▶ [Exercise brief]
Because the entries hold pictures, reproduce only their words, exactly as written.

▶ [Data to process]

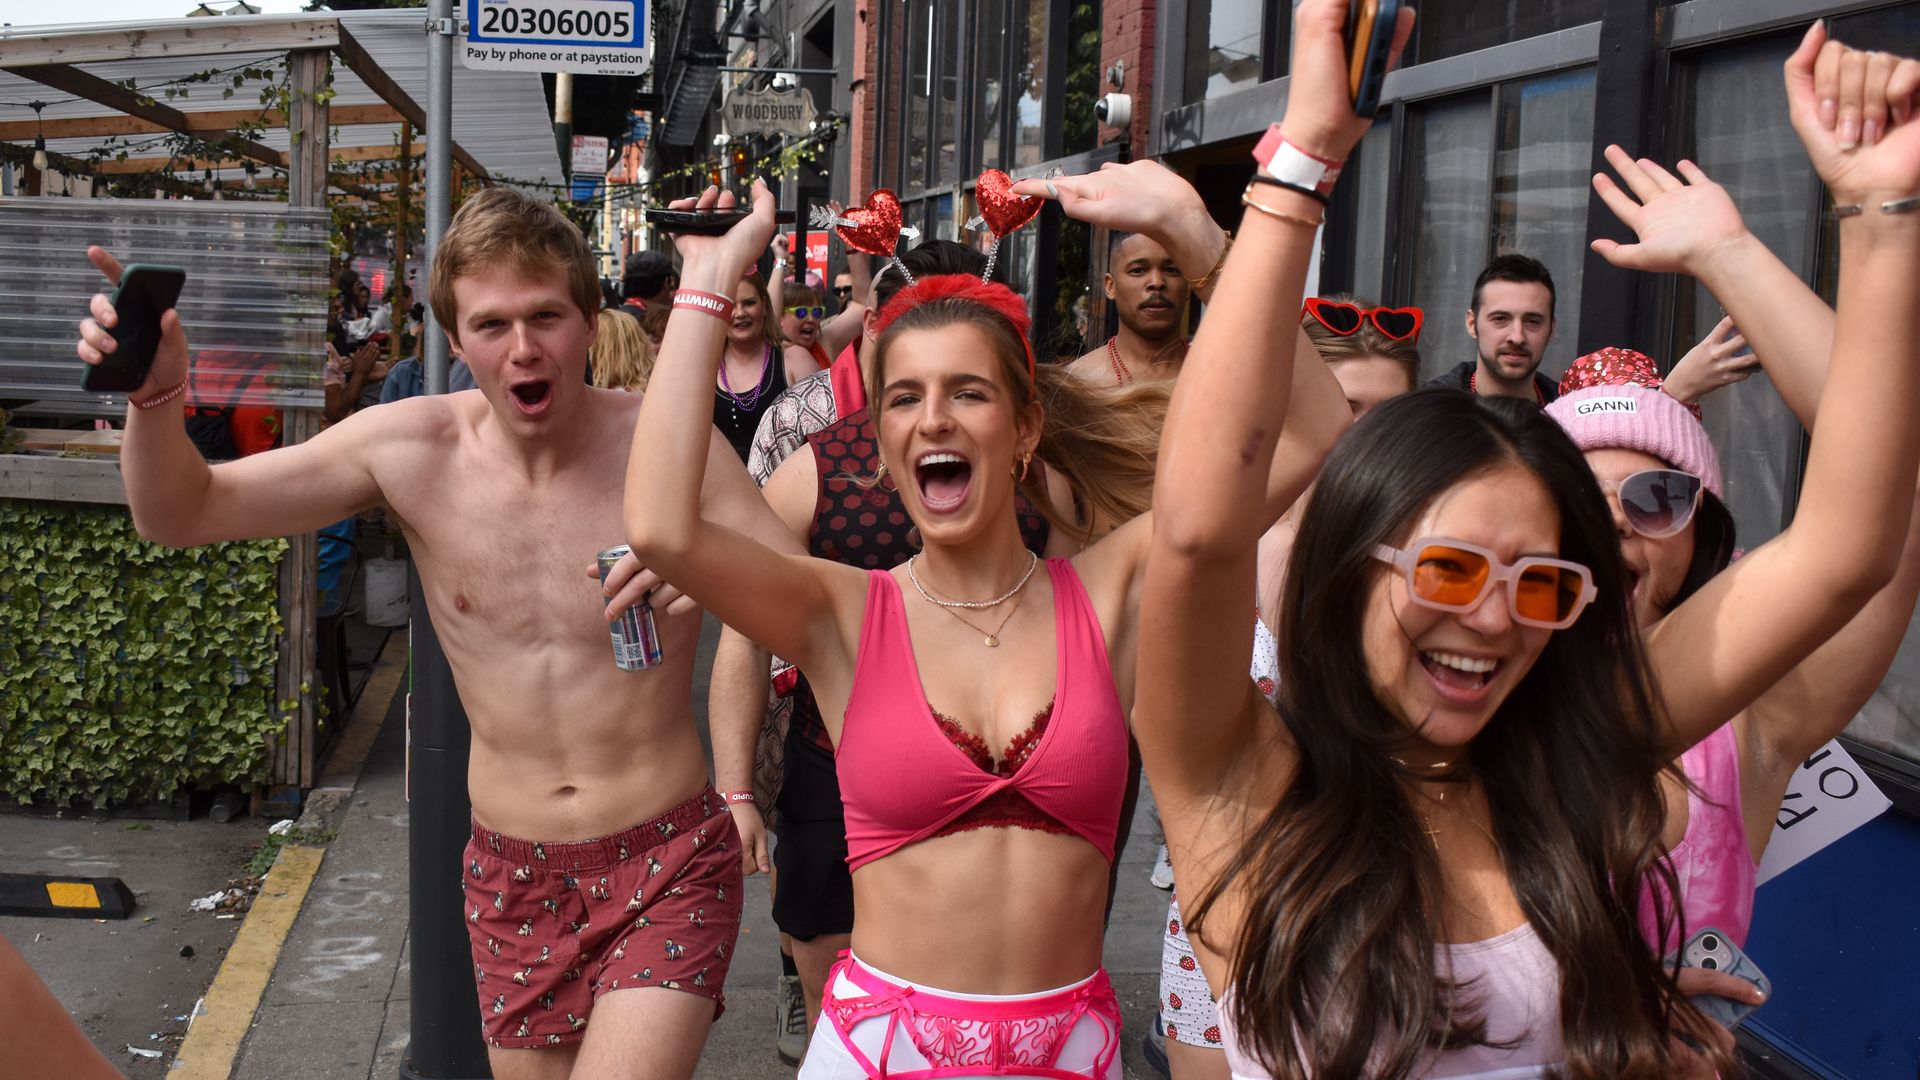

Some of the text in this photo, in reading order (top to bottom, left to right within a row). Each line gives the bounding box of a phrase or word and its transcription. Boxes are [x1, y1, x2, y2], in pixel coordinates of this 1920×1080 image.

[483, 7, 630, 37] 20306005
[467, 48, 643, 65] Pay by phone or at paystation
[732, 104, 803, 120] WOODBURY
[1577, 400, 1635, 415] GANNI
[732, 793, 754, 801] CUPID
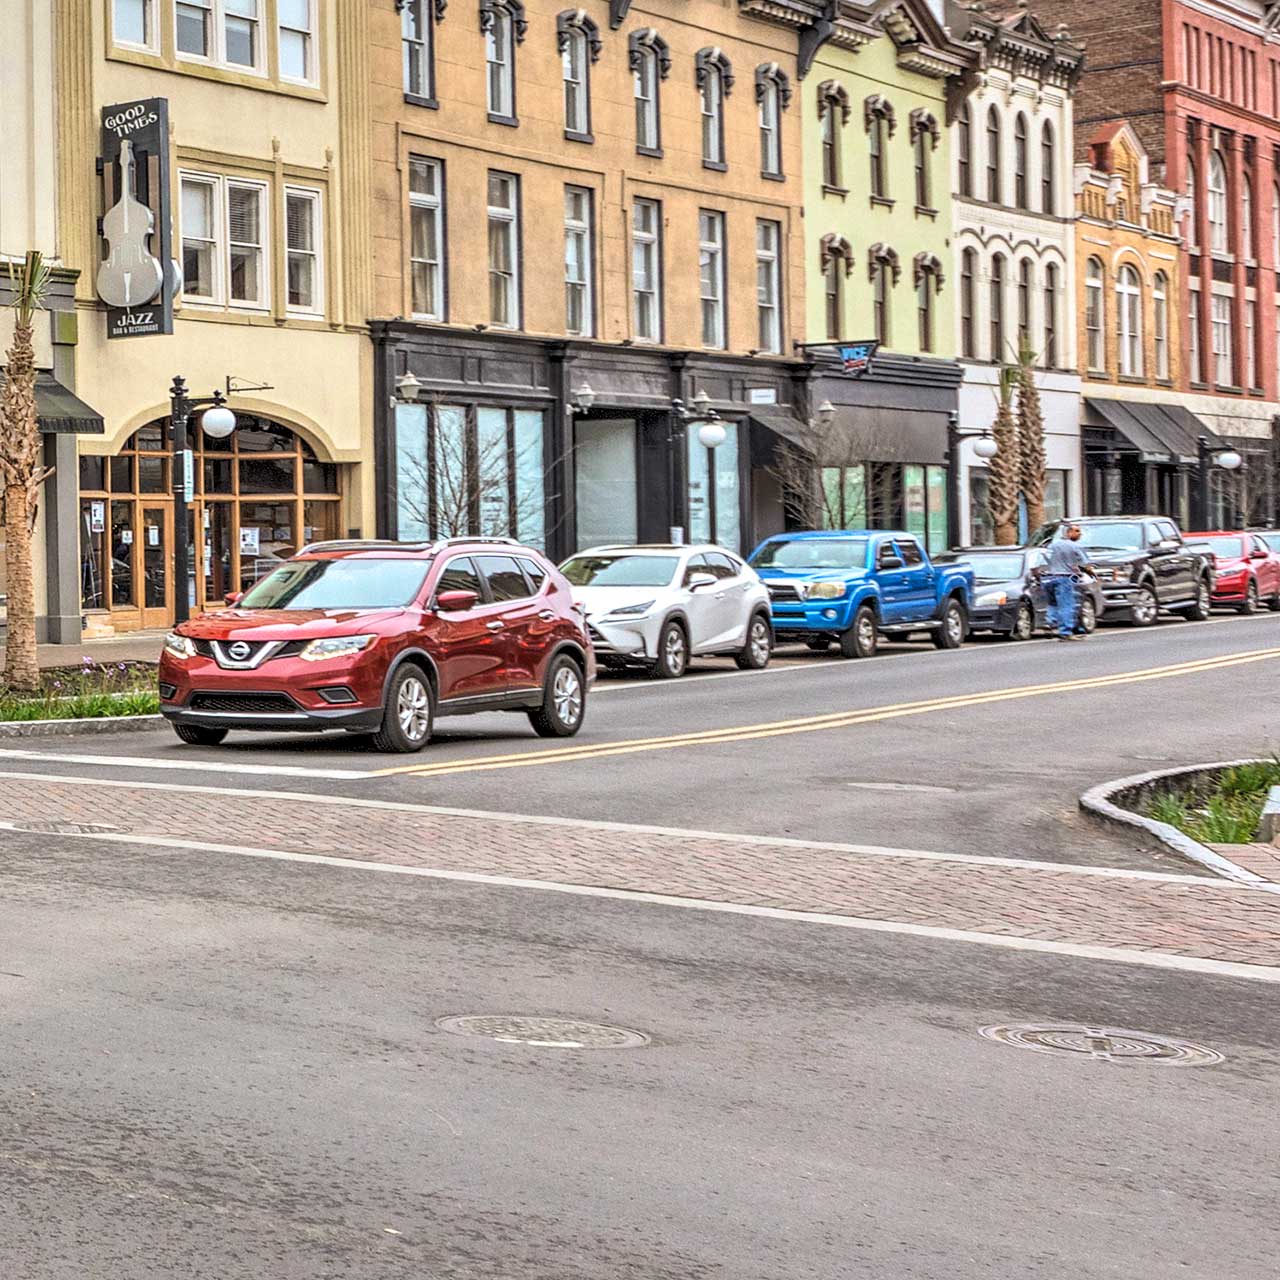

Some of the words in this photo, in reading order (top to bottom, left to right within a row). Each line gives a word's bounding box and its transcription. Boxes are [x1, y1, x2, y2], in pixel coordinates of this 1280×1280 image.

▶ [Answer for the task]
Some of the text in this photo, in reading order (top to bottom, left to right within a row). Each line gives the bounding box of a phrase or word and its transcription. Boxes are [x1, y1, x2, y2], in pixel coordinates of this 1920×1080 image.

[483, 7, 630, 37] 20306005
[467, 48, 643, 65] Pay by phone or at paystation
[732, 104, 803, 120] WOODBURY
[1577, 400, 1635, 415] GANNI
[732, 793, 754, 801] CUPID

Some of the words in this photo, in reading order (top to bottom, left to right within a row). Each line gives a word's bounding box and its transcription. Boxes are [x1, y1, x2, y2], in pixel coordinates of this 1280×1280 image.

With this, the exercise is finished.